I apologize for my last post.  My college roommate said she hated it—that I should never to do that again.  After a brief rehab session with my precious husband, I am better.  But I do think I have, for the first time in my life, fallen to the ground, face down, eyes closed, darkness surrounding and coursing through my veins, desperate to escape the crushing sorrow and limitless emptiness.  It’s a scary, scary place to be. But I also believe in a God who loves me and wants more than anything to pick up my limp body and mind and spirit and just enfold me in His arms. After all…..Darkness—utter and total and hopeless—is God’s perfect canvas.

 

I have cracked one eye slightly, though, and discovered I am alive, I can still only see through that glass darkly, but I can see—I really can—a few pinpoints of light. Just a few—like when dusk settles in on a cloudless night and you see the very first stars. They’re tiny….and they don’t seem to make much difference, actually. But then another tiny light catches your eye to the east…..and then another to the north. And before you know it, the sky is twinkling with all sorts of possibility, all manner of hope, thousands and thousands of tiny angels peeking through. So I know God has begun His painting of a new me, much like He paints the sky, new every night and every day. He will continue painting, inspired by the utter darkness of my canvas, even while I sleep. I don’t have to watch Him paint—just trust his unfailing and exquisite artistry and remain willing to look in the mirror when He’s finished….and smile.

 

I have a habit that my friends, except for one or two, find strange. I love to wake up in the dark, especially when no one else is awake. I have my standards, though.  As my sister and I have said, we’ll get up in the fours, but we refuse to get up in the threes.  Must be genetic from our daddy, but we consider it a gift.  This morning, I looked east out the bay of windows that frames our pasture to the early morning sky, just as I always do. But this morning, I saw the beginnings of a sunrise unlike any I had seen before.  Only a ragged ribbon of light, intensifying more slowly than most sunrises, but brilliant—unique and brilliant.

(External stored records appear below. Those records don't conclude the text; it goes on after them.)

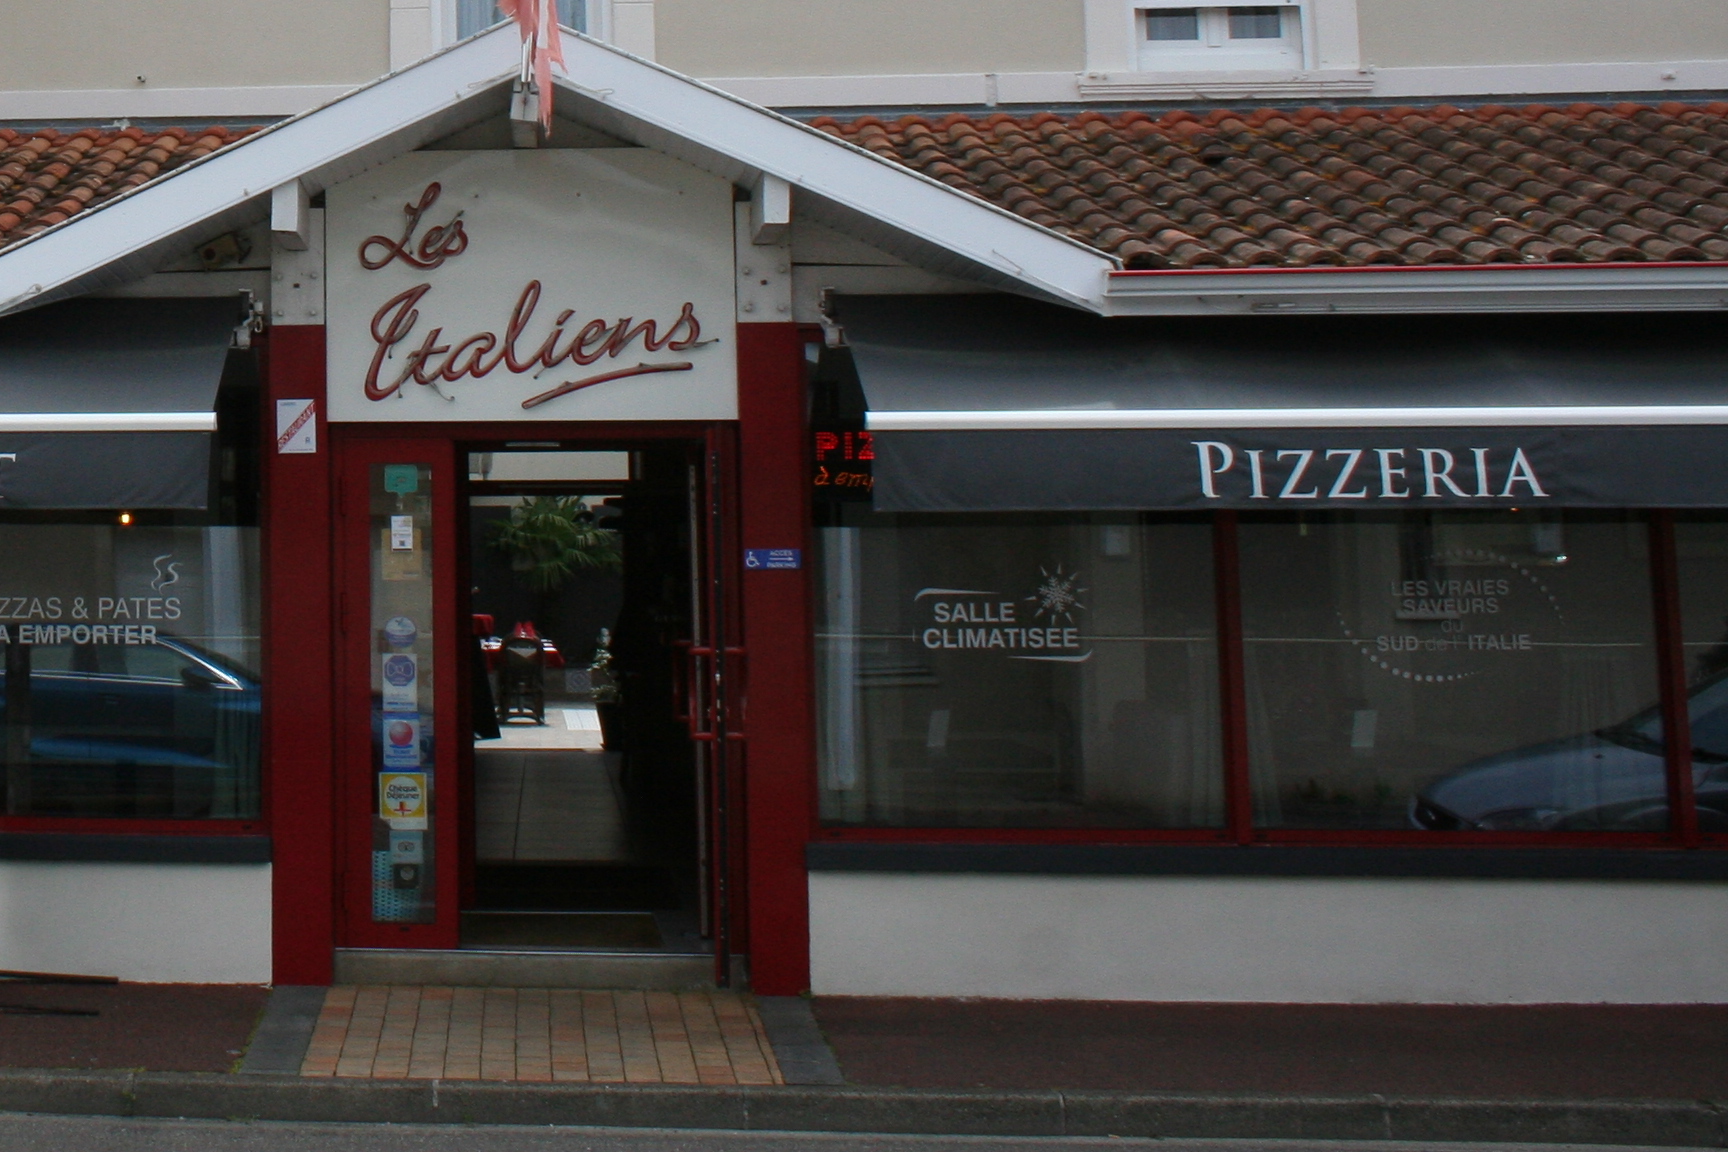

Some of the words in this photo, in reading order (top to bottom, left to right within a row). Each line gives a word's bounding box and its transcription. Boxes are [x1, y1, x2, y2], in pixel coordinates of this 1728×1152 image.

[358, 181, 469, 270] Les
[363, 279, 703, 401] Italiens
[1190, 440, 1550, 499] PIZZERIA
[1391, 581, 1428, 597] LES
[1435, 579, 1509, 596] VRAIES
[71, 597, 89, 620] &
[98, 597, 182, 620] PATES
[934, 602, 1016, 623] SALLE
[1402, 598, 1499, 614] SAVEURS
[18, 624, 157, 645] EMPORTER
[1440, 619, 1464, 634] du
[923, 628, 1080, 648] CLIMATISEE
[1377, 635, 1420, 652] SUD
[1468, 634, 1532, 651] ITALIE
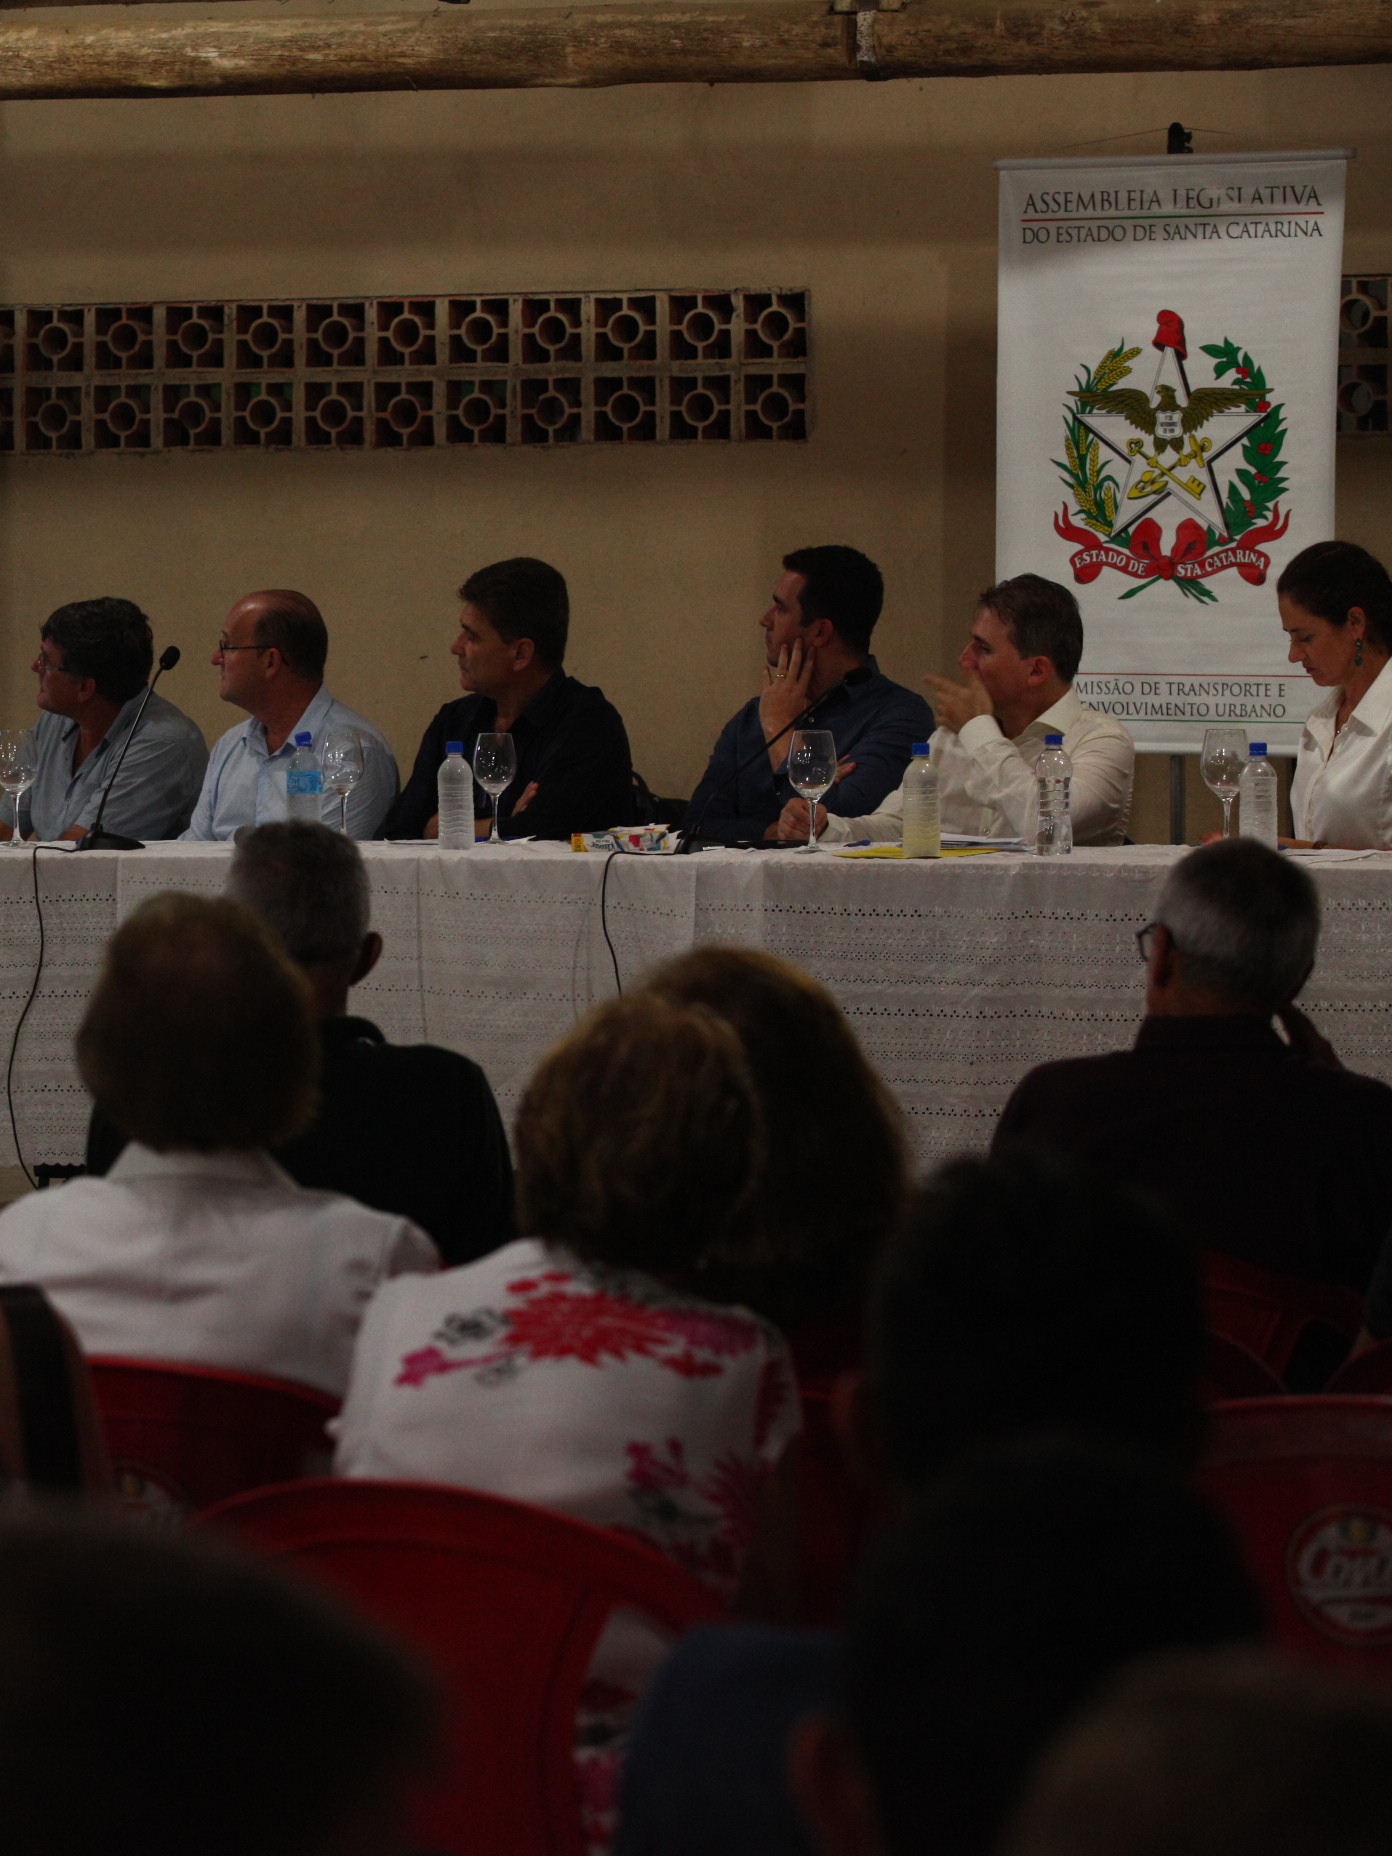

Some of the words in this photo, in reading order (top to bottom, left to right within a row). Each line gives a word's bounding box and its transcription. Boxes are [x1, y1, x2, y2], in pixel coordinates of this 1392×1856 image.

[1022, 188, 1162, 215] ASSEMBLEIA
[1021, 226, 1050, 245] DO
[1055, 223, 1127, 244] ESTADO
[1132, 224, 1157, 242] DE
[1162, 221, 1223, 241] SANTA
[1225, 220, 1324, 240] CATARINA
[1074, 549, 1126, 569] ESTADO
[1127, 558, 1147, 577] DE
[1206, 550, 1265, 570] CATARINA
[1075, 679, 1135, 695] MISSÃO
[1140, 681, 1160, 695] DE
[1165, 681, 1272, 697] TRANSPORTE
[1279, 683, 1287, 698] E
[1080, 700, 1210, 717] NVOLVIMENTO
[1215, 703, 1287, 718] URBANO

My little photograph does not begin to capture how breathtaking it was, but here it is:

IMG_7502

 

That strange light—unusually, almost eerily, prolonged in place this morning and coming after this unusual, eerie, and prolonged darkness—has to symbolize something.  I truly don’t know what at this point, but I’m willing to listen and receive.  And I thank God for supplanting my will with His own.